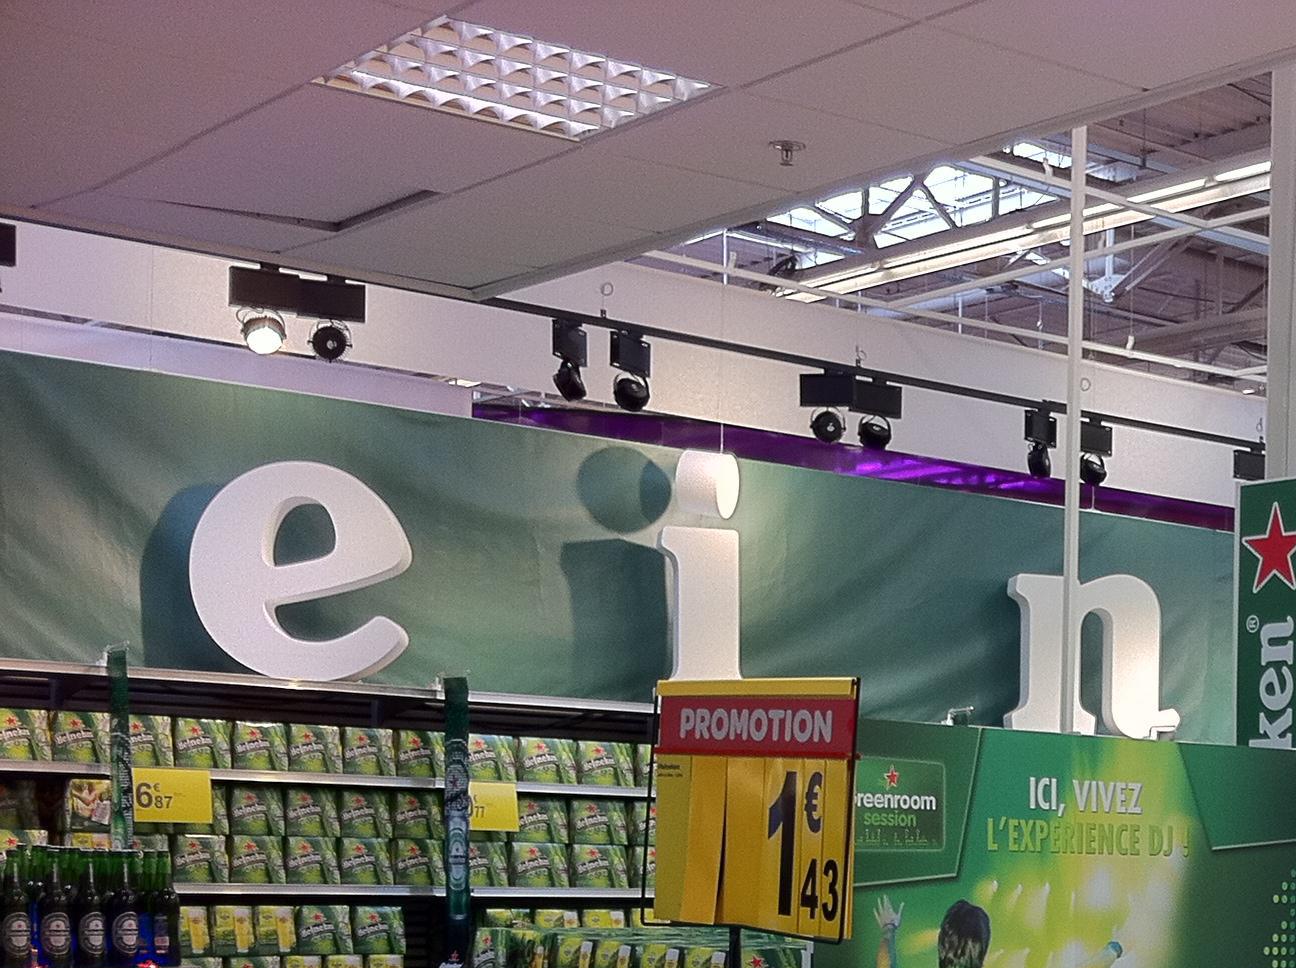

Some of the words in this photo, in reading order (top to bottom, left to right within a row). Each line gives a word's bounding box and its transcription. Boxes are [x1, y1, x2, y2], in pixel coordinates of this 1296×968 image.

[679, 707, 832, 743] PROMOTION
[852, 791, 937, 811] reenroom
[1029, 776, 1066, 817] ICI,
[1072, 779, 1144, 815] VIVEZ
[864, 811, 917, 827] session
[1148, 825, 1174, 857] DJ
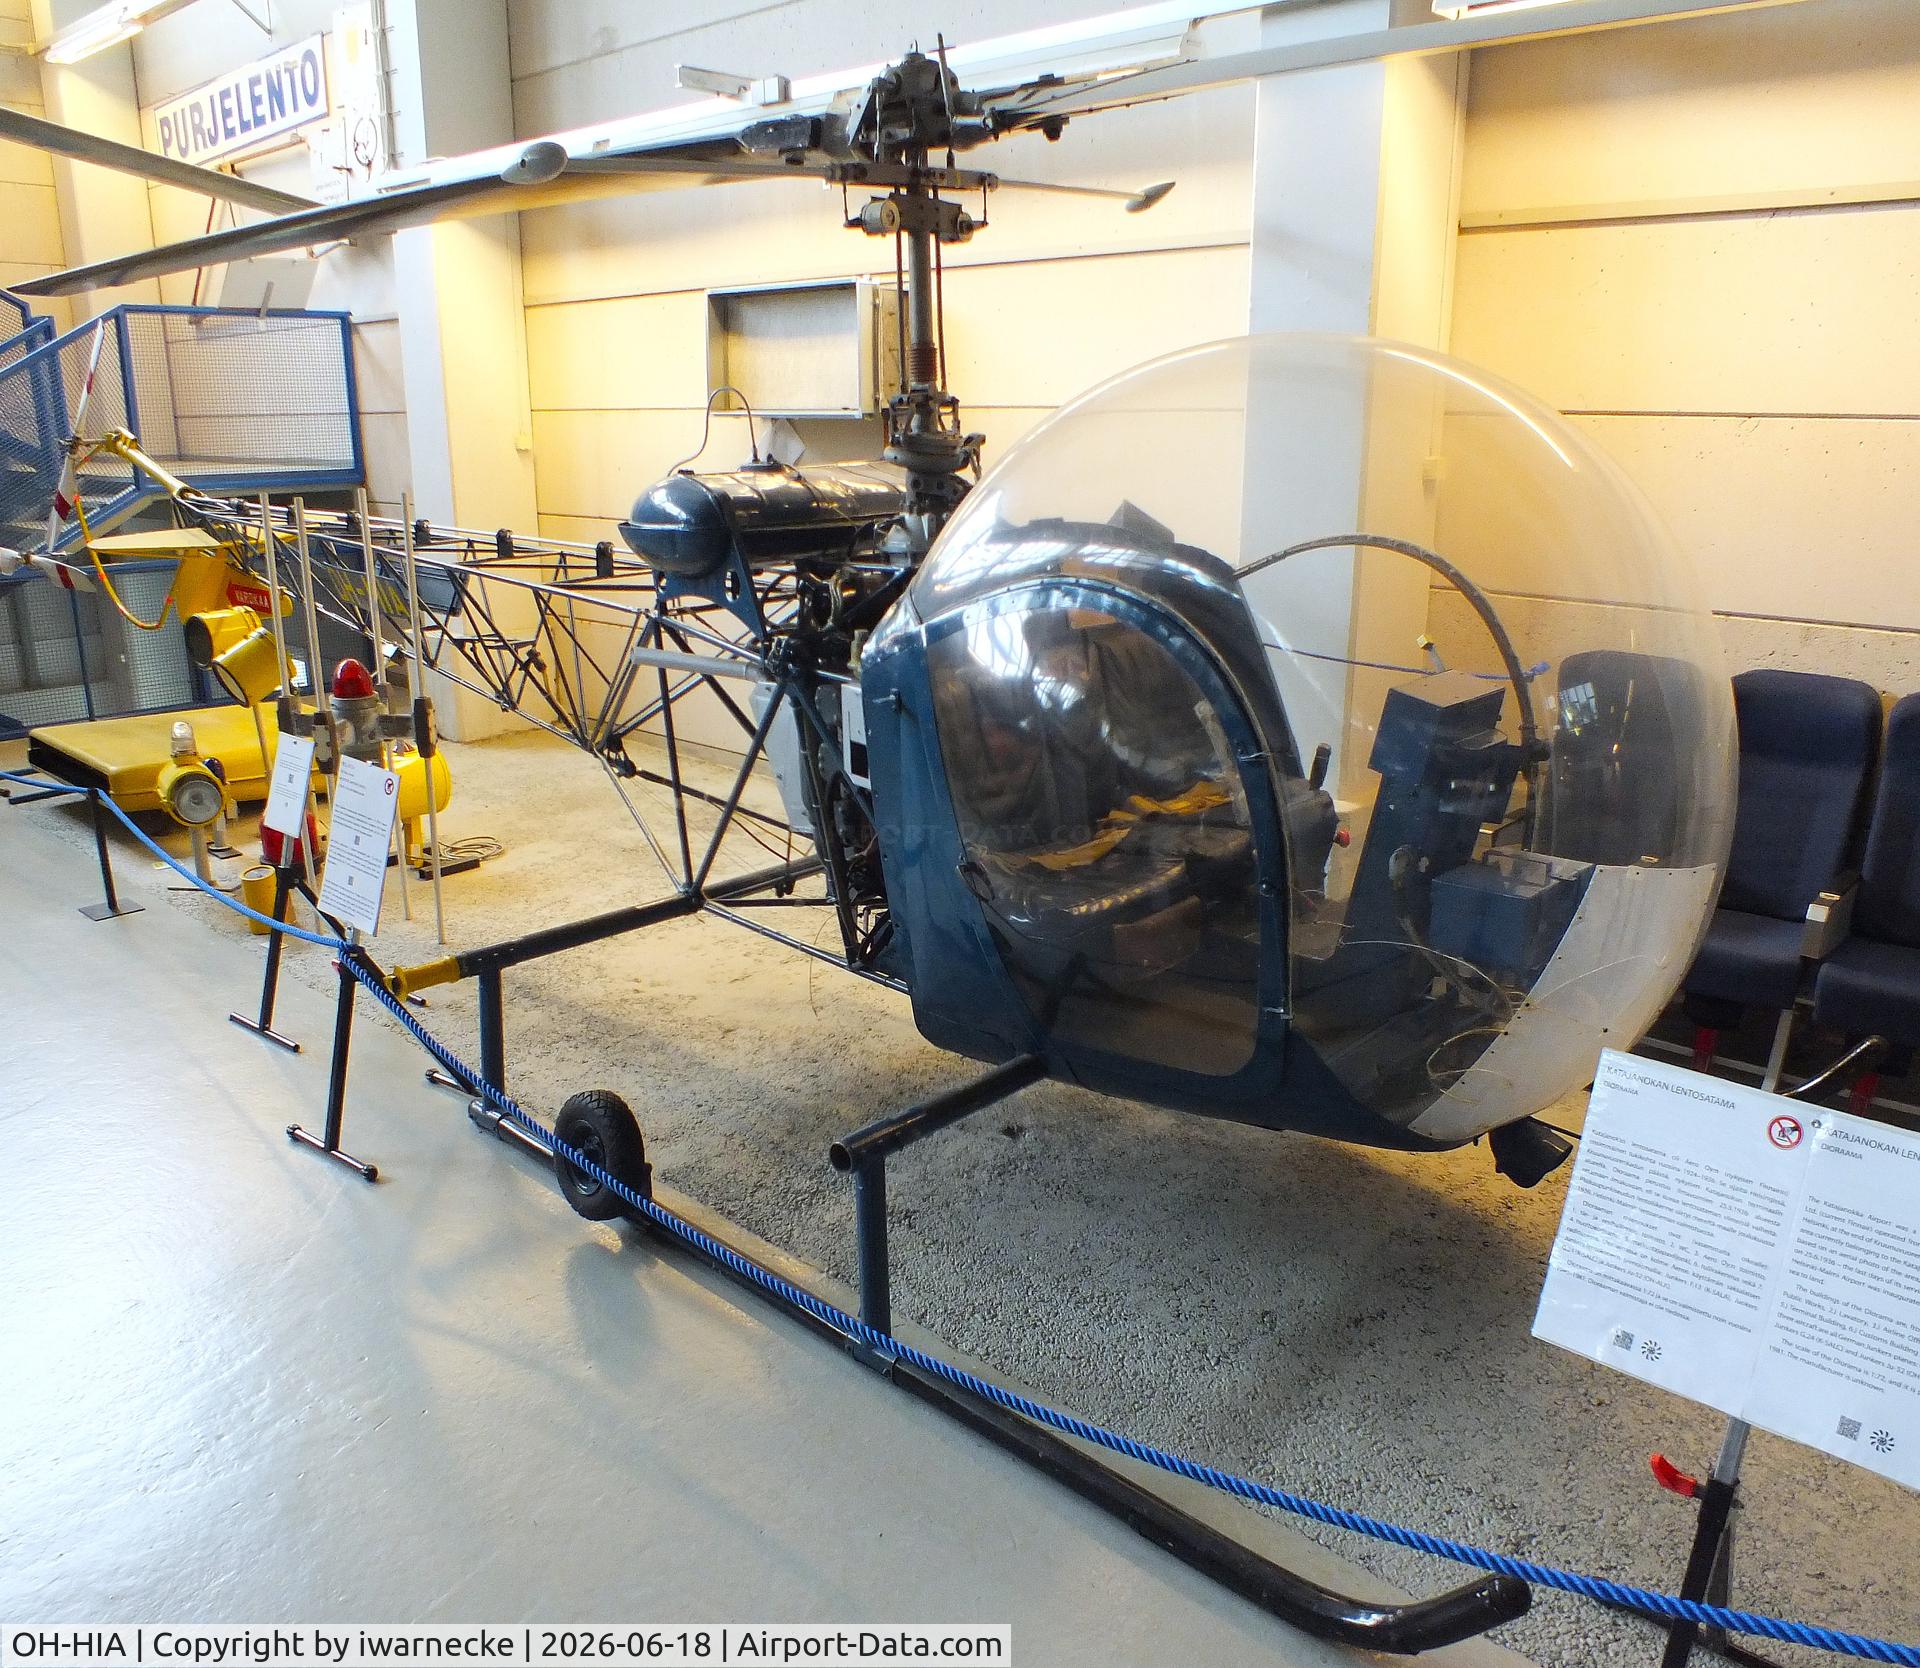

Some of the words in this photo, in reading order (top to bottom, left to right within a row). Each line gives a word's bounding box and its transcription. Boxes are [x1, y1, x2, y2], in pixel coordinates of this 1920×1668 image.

[159, 48, 320, 158] PURJELENTO
[1606, 1065, 1668, 1090] KATAJANOKAN
[1670, 1084, 1735, 1110] LENTOSATAMA
[1820, 1141, 1862, 1161] DIORAAMA

________________________

_Exercise requirements_:
Each entry is to be given again exactly as it stands, with its pictures removed.

_Final answer_:
Some of the words in this photo, in reading order (top to bottom, left to right within a row). Each line gives a word's bounding box and its transcription. Boxes are [x1, y1, x2, y2], in pixel coordinates of this 1296×968 image.

[679, 707, 832, 743] PROMOTION
[852, 791, 937, 811] reenroom
[1029, 776, 1066, 817] ICI,
[1072, 779, 1144, 815] VIVEZ
[864, 811, 917, 827] session
[1148, 825, 1174, 857] DJ

Some of the words in this photo, in reading order (top to bottom, left to right within a row). Each line gives a word's bounding box and its transcription. Boxes are [x1, y1, x2, y2], in pixel coordinates of this 1920×1668 image.

[159, 48, 320, 158] PURJELENTO
[1606, 1065, 1668, 1090] KATAJANOKAN
[1670, 1084, 1735, 1110] LENTOSATAMA
[1820, 1141, 1862, 1161] DIORAAMA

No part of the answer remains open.